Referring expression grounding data
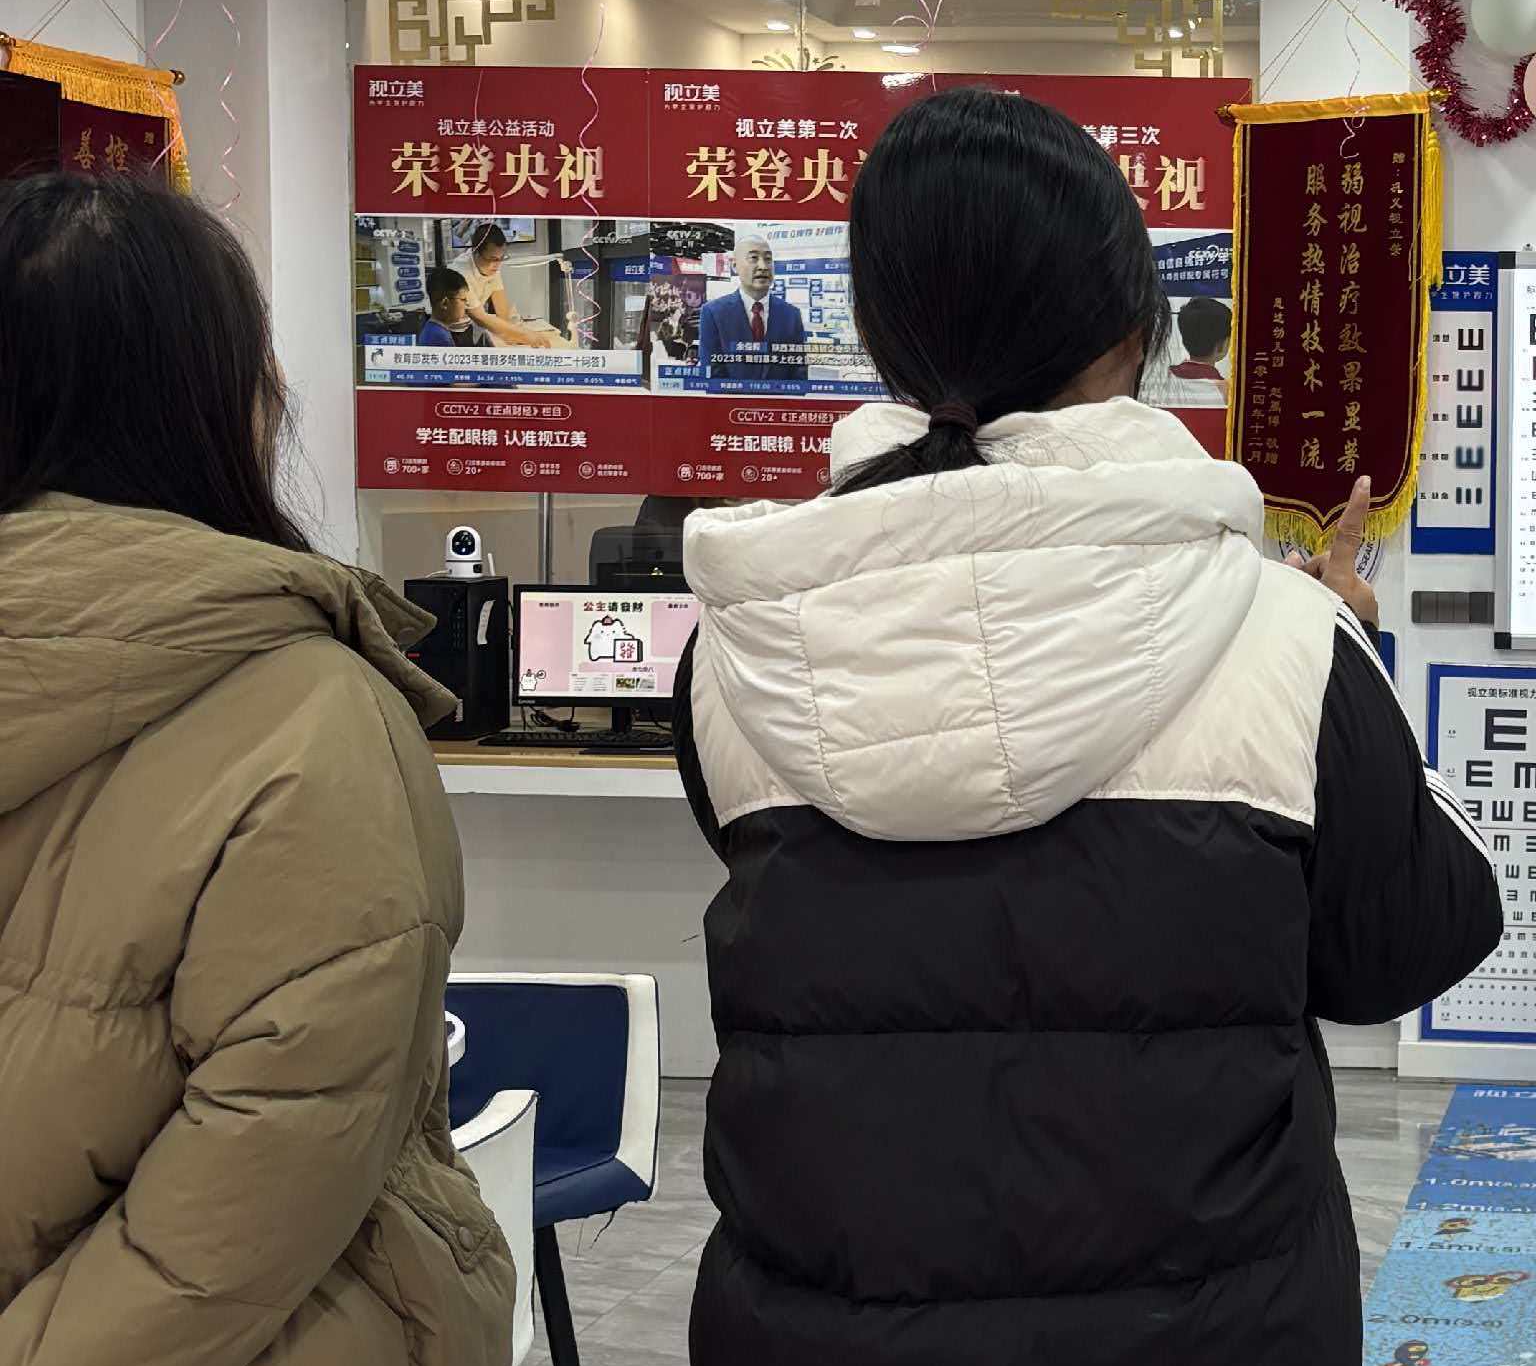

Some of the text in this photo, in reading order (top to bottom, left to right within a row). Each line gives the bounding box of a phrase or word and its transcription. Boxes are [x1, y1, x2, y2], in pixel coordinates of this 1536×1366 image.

[369, 80, 423, 97] 视立美
[664, 84, 720, 101] 视立美
[437, 119, 554, 137] 视立美公益活动
[736, 119, 858, 139] 视立美第二次
[391, 142, 604, 199] 荣登央视
[686, 146, 868, 203] 荣登央
[1298, 163, 1329, 472] 服务热情技术一流
[1336, 161, 1368, 474] 弱视治疗效果显著
[443, 404, 479, 416] CCTV-2
[738, 411, 775, 423] CCTV-2
[416, 427, 588, 448] 学生配眼镜 认准视立美
[710, 435, 794, 454] 学生配眼镜
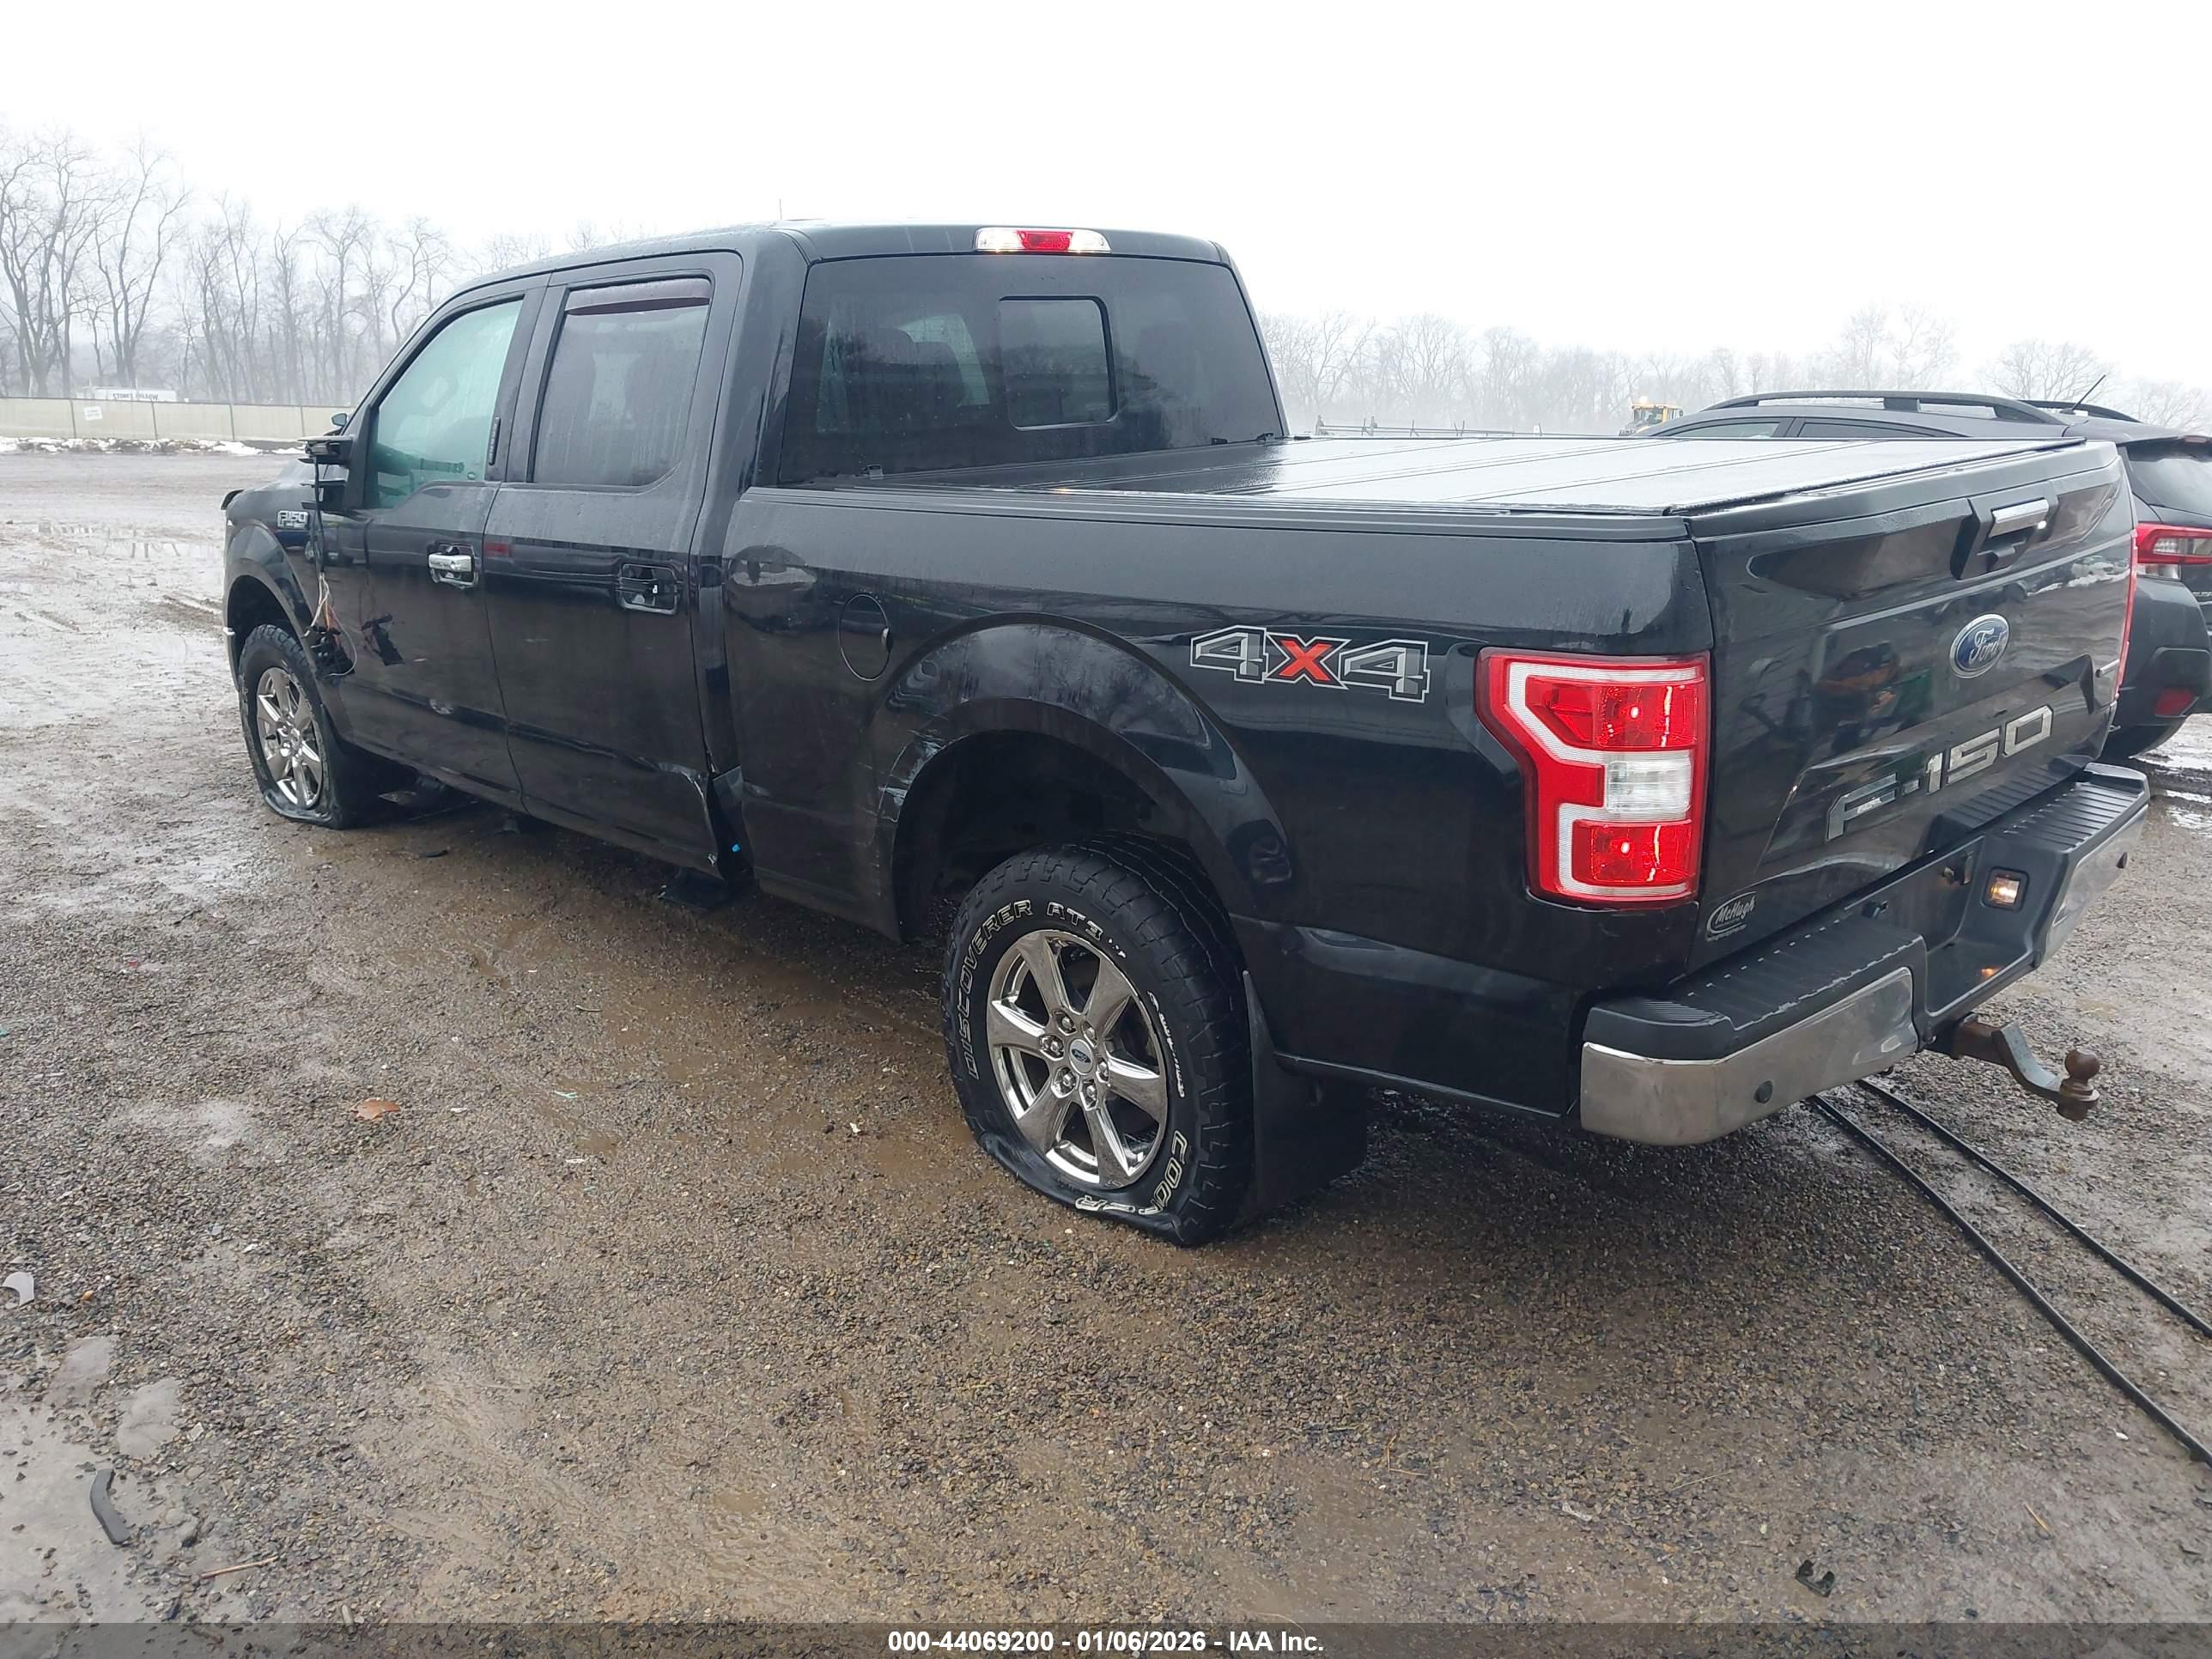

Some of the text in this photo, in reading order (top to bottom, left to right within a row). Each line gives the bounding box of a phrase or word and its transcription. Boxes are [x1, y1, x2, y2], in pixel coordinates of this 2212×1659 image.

[1968, 628, 2007, 665] Ford
[1826, 704, 2053, 842] F-150
[957, 899, 1034, 1080] DISCOVERER
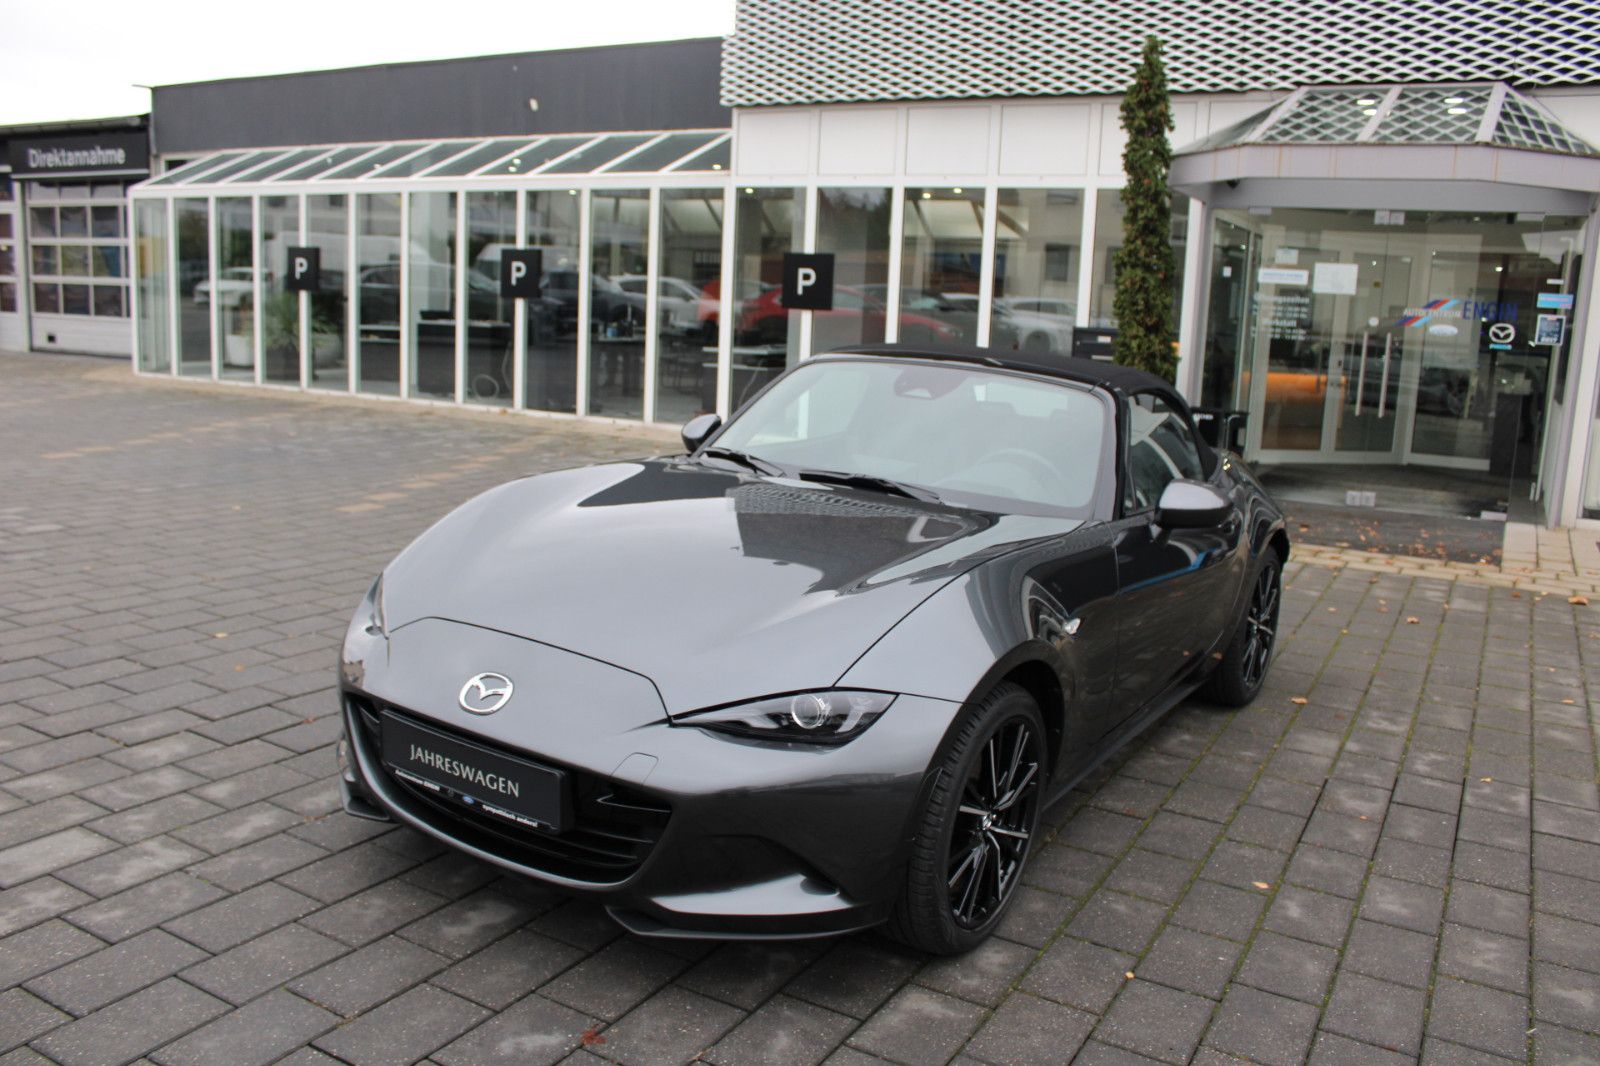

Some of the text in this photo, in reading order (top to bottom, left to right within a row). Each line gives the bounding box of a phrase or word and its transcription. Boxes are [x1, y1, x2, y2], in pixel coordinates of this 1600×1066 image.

[28, 146, 126, 168] Direktannahme
[294, 257, 308, 280] P
[510, 260, 527, 286] P
[797, 267, 817, 296] P
[409, 743, 520, 798] JAHRESWAGEN

Task description >> The entries above are to be printed again word for word, with every picture removed.

Solution to the exercise >>
Some of the text in this photo, in reading order (top to bottom, left to right within a row). Each line gives the bounding box of a phrase or word and its transcription. Boxes are [x1, y1, x2, y2], in pixel coordinates of this 1536×1366 image.

[369, 80, 423, 97] 视立美
[664, 84, 720, 101] 视立美
[437, 119, 554, 137] 视立美公益活动
[736, 119, 858, 139] 视立美第二次
[391, 142, 604, 199] 荣登央视
[686, 146, 868, 203] 荣登央
[1298, 163, 1329, 472] 服务热情技术一流
[1336, 161, 1368, 474] 弱视治疗效果显著
[443, 404, 479, 416] CCTV-2
[738, 411, 775, 423] CCTV-2
[416, 427, 588, 448] 学生配眼镜 认准视立美
[710, 435, 794, 454] 学生配眼镜

Some of the text in this photo, in reading order (top to bottom, left to right within a row). Each line gives the bounding box of a phrase or word and its transcription. Boxes are [x1, y1, x2, y2], in pixel coordinates of this 2212×1659 image.

[1968, 628, 2007, 665] Ford
[1826, 704, 2053, 842] F-150
[957, 899, 1034, 1080] DISCOVERER

Some of the text in this photo, in reading order (top to bottom, left to right within a row). Each line gives the bounding box of a phrase or word and its transcription. Boxes are [x1, y1, x2, y2], in pixel coordinates of this 1600×1066 image.

[28, 146, 126, 168] Direktannahme
[294, 257, 308, 280] P
[510, 260, 527, 286] P
[797, 267, 817, 296] P
[409, 743, 520, 798] JAHRESWAGEN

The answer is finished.